AES to acquire DPL Inc. in $4.7 billion deal

  •  | 
Print this page by Joan Tupponce

If regulatory and shareholder approvals go as planned, AES Corp. will wrap up a $4.7 billion deal to purchase Ohio-based DPL Inc., the parent company of Dayton Power & Light Co., by the end of the year.

Arlington-based AES is an international power company with generation facilities and utilities in 28 countries on five continents. Its 2010 revenues totaled $17 billion.

Its U.S. holdings include Indianapolis Power & Light Co., a company that AES acquired in 2001.

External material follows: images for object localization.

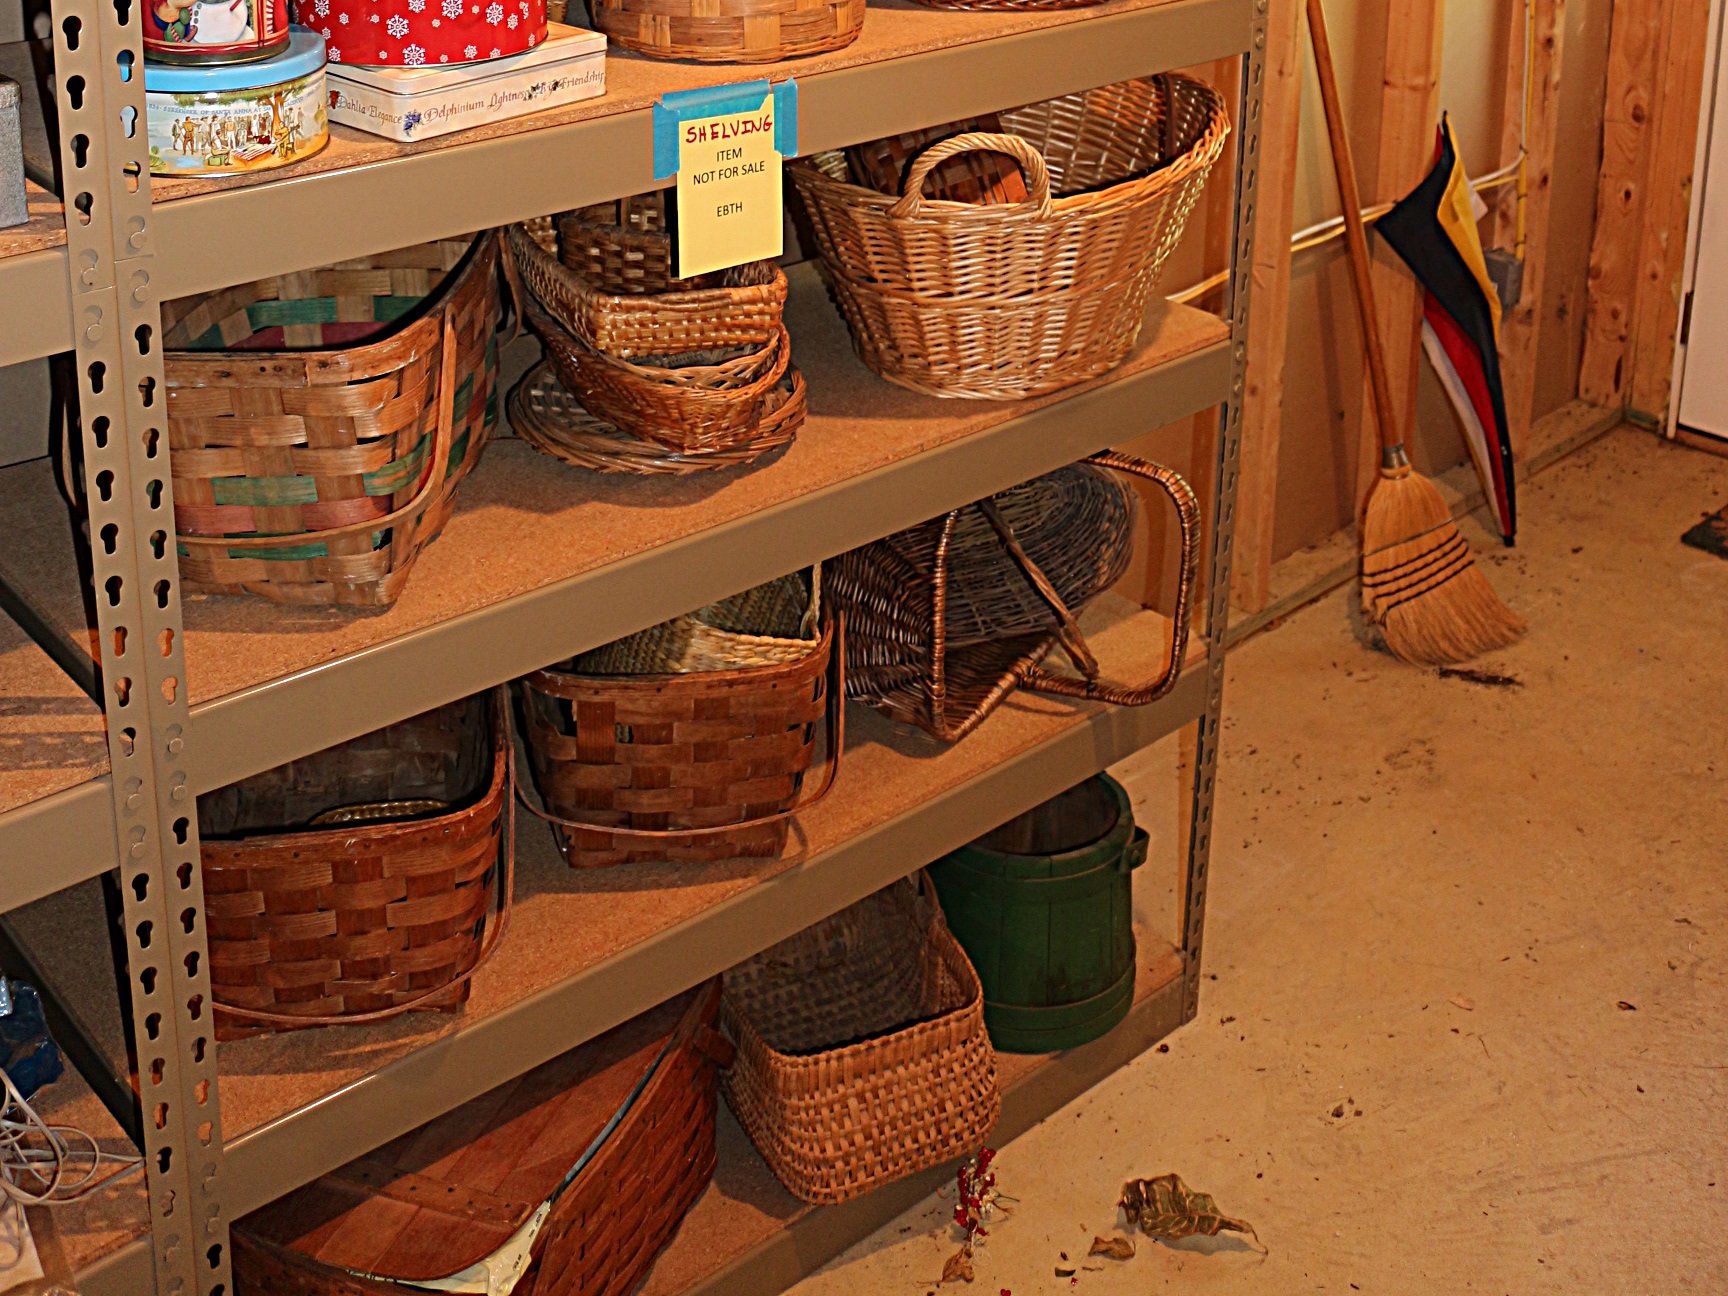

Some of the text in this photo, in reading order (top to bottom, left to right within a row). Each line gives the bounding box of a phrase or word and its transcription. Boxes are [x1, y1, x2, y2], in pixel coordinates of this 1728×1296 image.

[338, 94, 403, 125] Dahlia Elegance
[423, 100, 485, 123] Delphinium
[685, 114, 773, 144] SHELVING
[716, 147, 743, 163] ITEM
[693, 161, 766, 185] NOT FOR SALE
[716, 201, 743, 218] EBTH

“We are concentrating our growth efforts in a few key markets, including the U.S. utility sector, where we see opportunities to leverage our global platform of 40,500 megawatts and 11.5 million utility customers,” Paul Hanrahan, the chief executive of AES, said in a statement. He expects AES to benefit from “the regional scale” provided by the Indianapolis and Dayton power companies.

Industry observers say power companies are consolidating to reduce costs and take advantage of efficiencies of scale. In North Carolina, for example, Charlotte-based Duke Energy plans to acquire Raleigh-based Progress Energy for $13.7 billion in stock.

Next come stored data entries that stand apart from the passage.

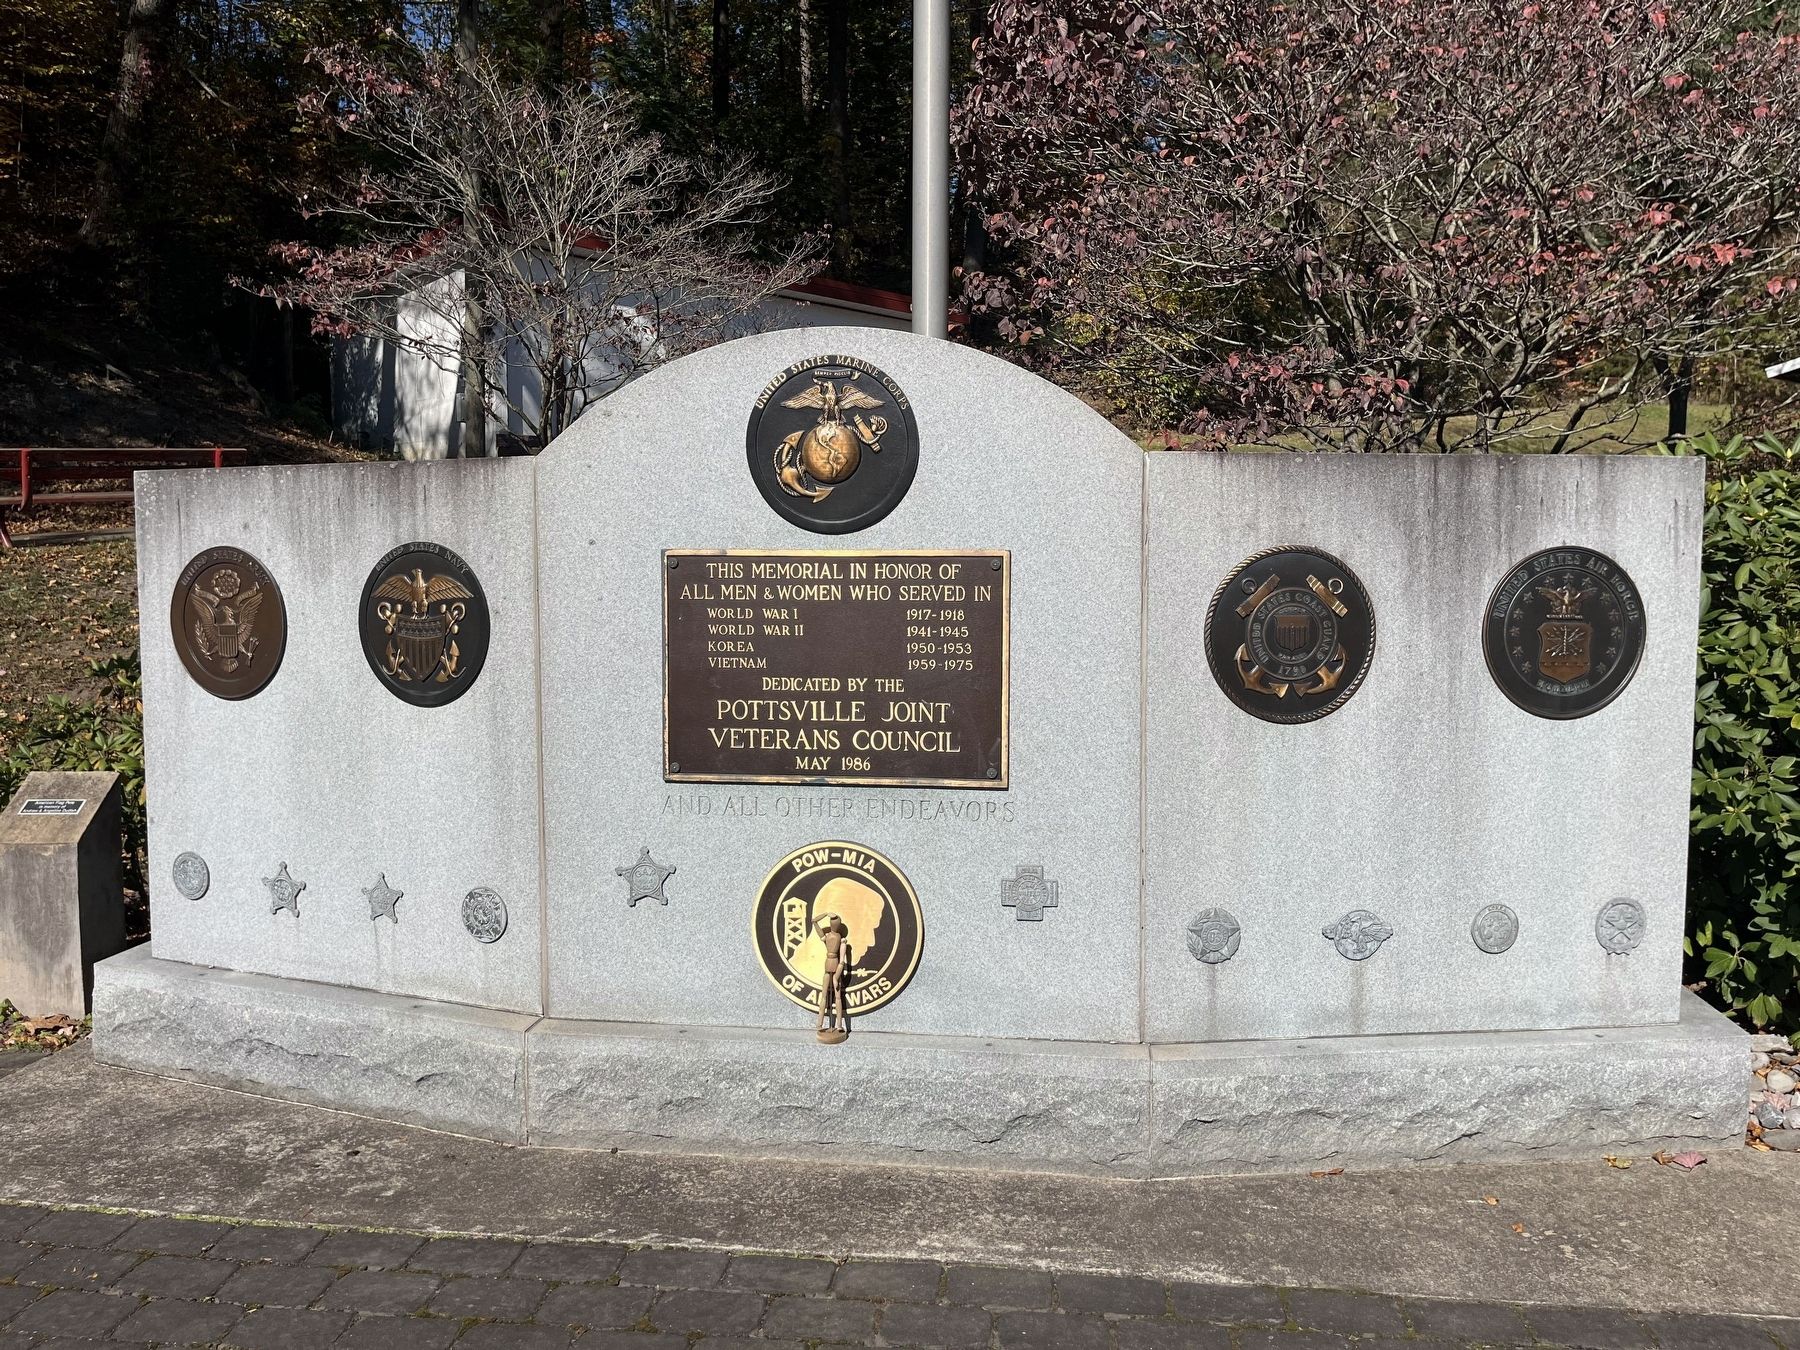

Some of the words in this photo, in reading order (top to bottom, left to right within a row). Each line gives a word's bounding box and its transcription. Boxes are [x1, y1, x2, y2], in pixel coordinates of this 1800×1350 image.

[756, 372, 787, 408] UNITED
[791, 356, 829, 373] STATES
[836, 355, 880, 377] MARINE
[882, 377, 909, 410] CORPS
[213, 550, 243, 562] STATES
[375, 546, 404, 571] UNITED
[410, 543, 439, 553] STATES
[445, 551, 469, 574] NAVY
[706, 563, 744, 579] THIS
[751, 563, 844, 579] MEMORIAL
[850, 563, 867, 579] IN
[874, 563, 932, 580] HONOR
[939, 564, 962, 580] OF
[680, 584, 714, 600] ALL
[720, 584, 757, 600] MEN
[763, 586, 775, 600] &
[776, 584, 842, 601] WOMEN
[849, 585, 891, 601] WHO
[899, 585, 966, 601] SERVED
[974, 585, 992, 601] IN
[1493, 570, 1528, 618] UNITED
[1534, 553, 1581, 571] STATES
[1586, 556, 1608, 577] AIR
[1609, 573, 1640, 621] FORCE
[707, 607, 753, 619] WORLD
[762, 608, 790, 619] WAR
[793, 608, 798, 620] I
[708, 624, 755, 636] WORLD
[763, 624, 791, 636] WAR
[794, 624, 804, 636] II
[1257, 592, 1290, 620] STATES
[1295, 592, 1328, 617] COAST
[1317, 620, 1332, 660] GUARD
[708, 641, 755, 652] KOREA
[708, 657, 768, 669] VIETNAM
[762, 677, 840, 692] DEDICATED
[847, 678, 868, 692] BY
[875, 679, 905, 693] THE
[717, 699, 866, 722] POTTSVILLE
[881, 701, 951, 724] JOINT
[707, 727, 840, 750] VETERANS
[852, 730, 961, 753] COUNCIL
[795, 756, 831, 770] MAY
[841, 756, 871, 771] 1986
[662, 794, 712, 815] AND
[722, 795, 767, 817] ALL
[775, 797, 853, 818] OTHER
[867, 798, 1015, 823] ENDEAVORS
[792, 849, 876, 873] POW-MIA
[782, 974, 805, 993] OF
[845, 977, 892, 1006] WARS

“AES is by far the most geographically diversified utilities company we cover,” Morningstar credit analyst Patrick Goff wrote in an April report, noting its international holdings. The company’s revenue, he said, is split “approximately 45 percent/55 percent between generation and utilities, respectively.”

Under the terms of the DPL agreement, AES will pay $30 a share, about $3.5 billion in cash, for the company’s equity, and assume $1.2 billion in net debt for a total transaction value of $4.7 billion.

Roger Conrad, the editor of Utility Forecaster, had listed DPL as a likely buyout prospect in his newsletter last August. “There are no frills here,” he wrote. “Any would-be acquirer will know exactly what they’re getting: customers of a regulated utility that’s continually becoming more efficient and financially healthy.”

DPL operates more than 3,800 megawatts of power generation facilities and has more than 500,000 customers in West Central Ohio.